*** Opening of TASK MATERIAL ***

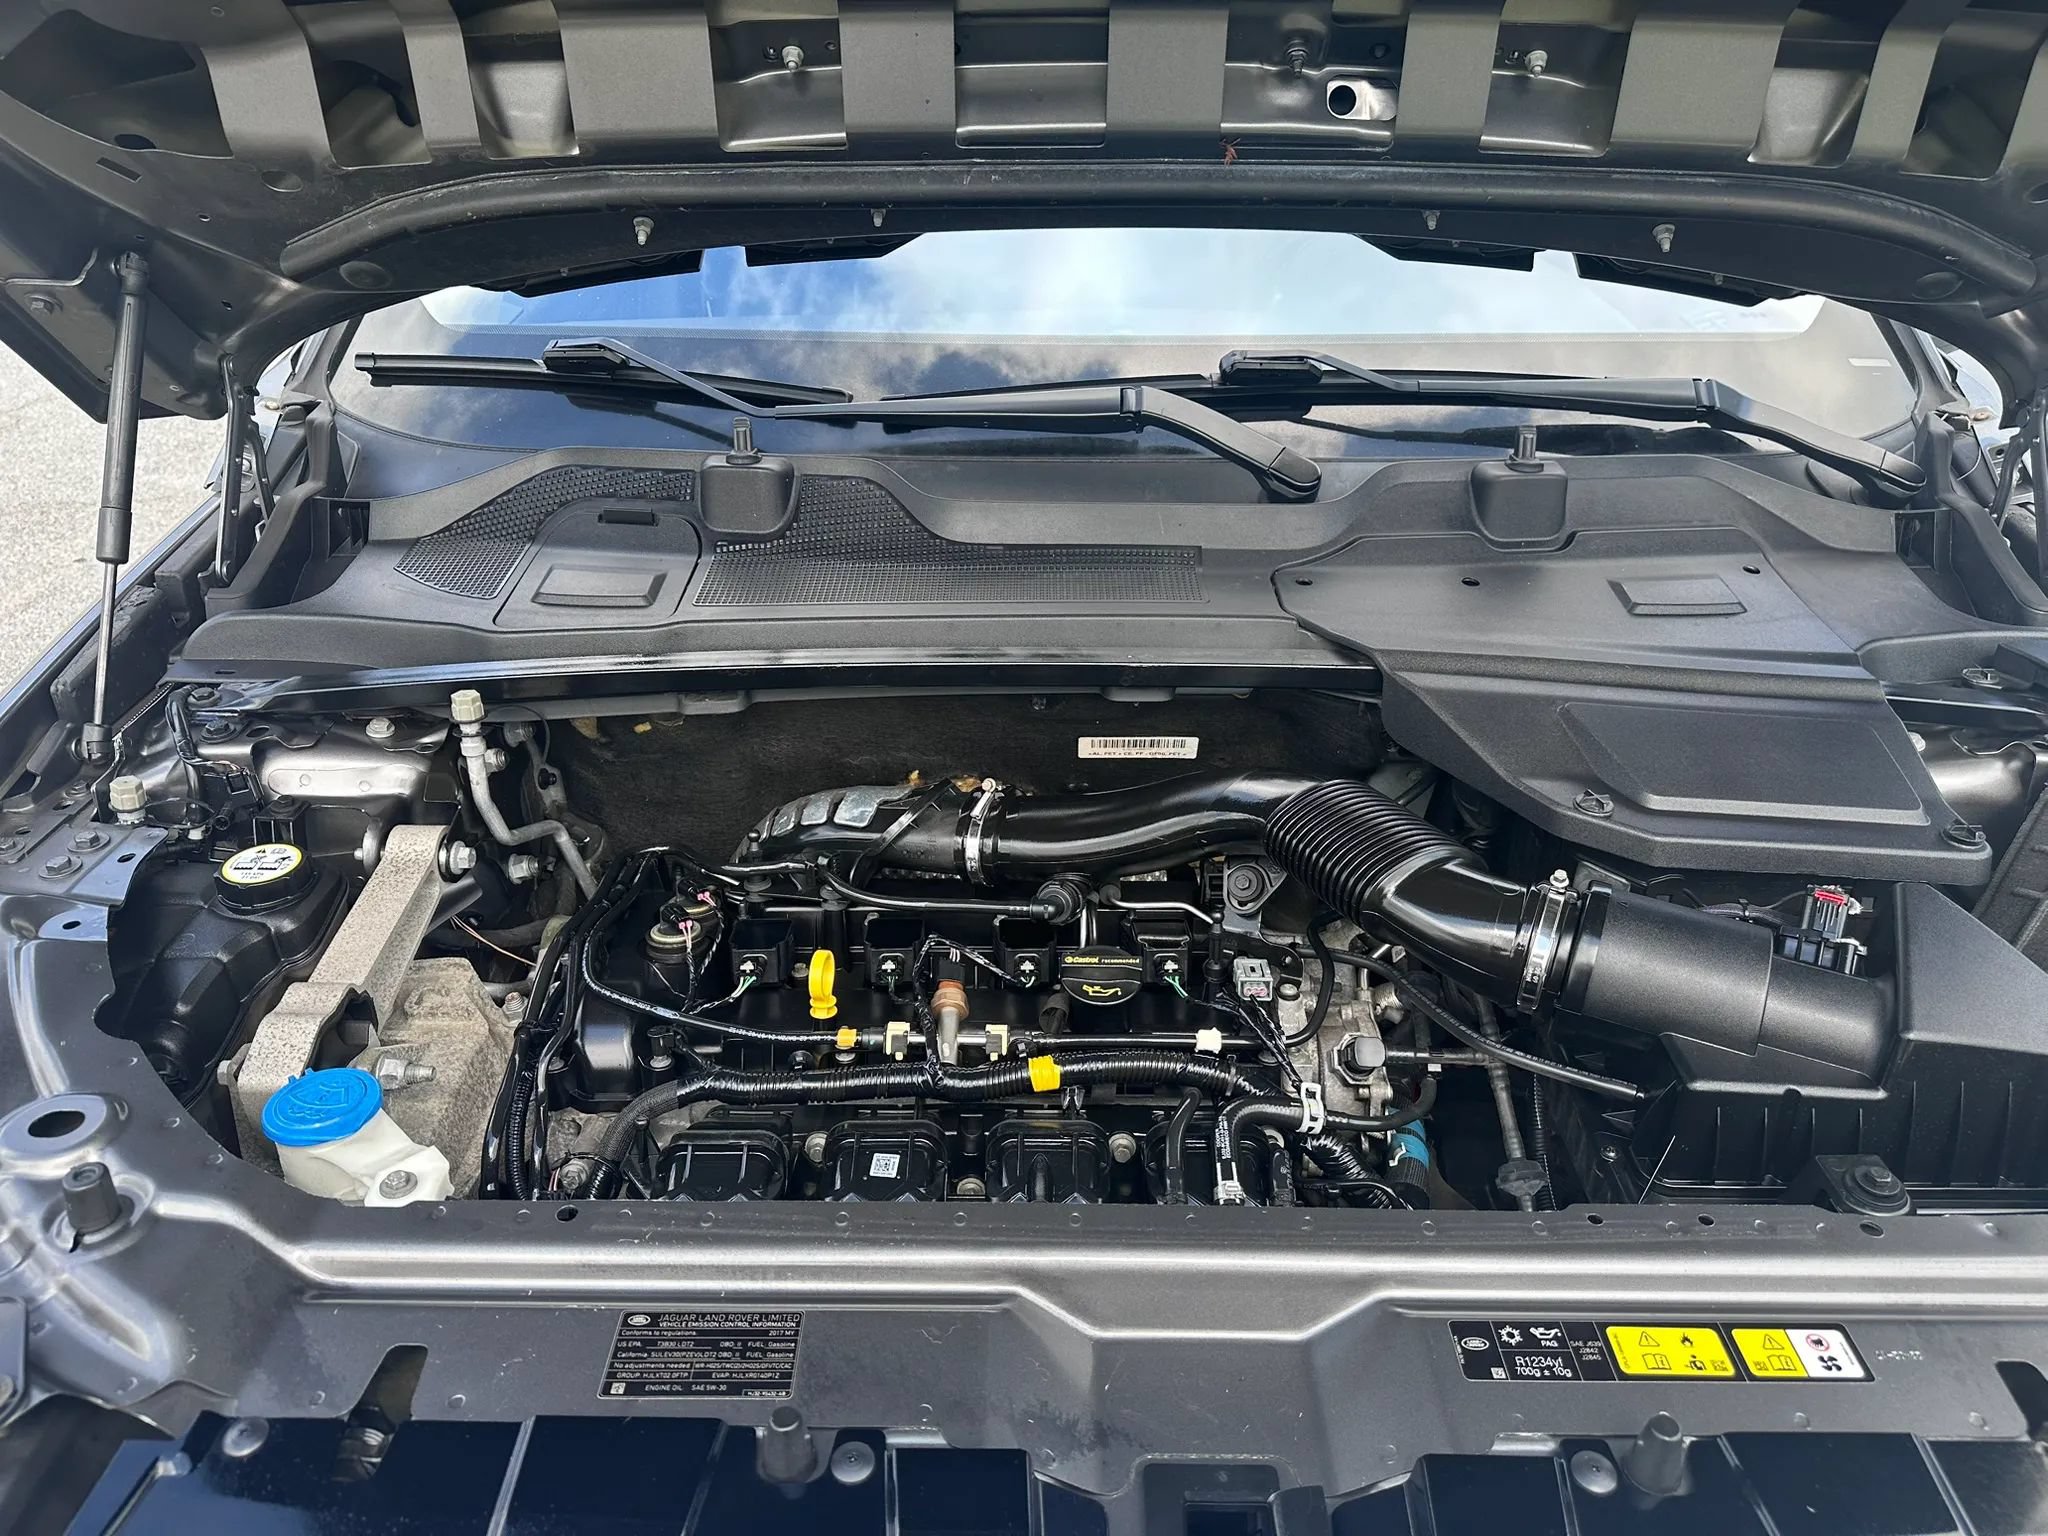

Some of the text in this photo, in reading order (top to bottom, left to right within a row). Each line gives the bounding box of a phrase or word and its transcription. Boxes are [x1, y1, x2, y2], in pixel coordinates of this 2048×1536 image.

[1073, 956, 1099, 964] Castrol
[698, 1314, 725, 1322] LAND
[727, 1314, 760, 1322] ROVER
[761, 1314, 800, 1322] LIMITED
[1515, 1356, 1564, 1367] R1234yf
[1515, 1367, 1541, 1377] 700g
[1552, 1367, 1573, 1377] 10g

*** Close of TASK MATERIAL ***

> THE PROBLEM:
Would you mind repeating the records above exactly, without the pictures?

> SOLUTION TO THE EXERCISE:
Some of the text in this photo, in reading order (top to bottom, left to right within a row). Each line gives the bounding box of a phrase or word and its transcription. Boxes are [x1, y1, x2, y2], in pixel coordinates of this 2048×1536 image.

[1073, 956, 1099, 964] Castrol
[698, 1314, 725, 1322] LAND
[727, 1314, 760, 1322] ROVER
[761, 1314, 800, 1322] LIMITED
[1515, 1356, 1564, 1367] R1234yf
[1515, 1367, 1541, 1377] 700g
[1552, 1367, 1573, 1377] 10g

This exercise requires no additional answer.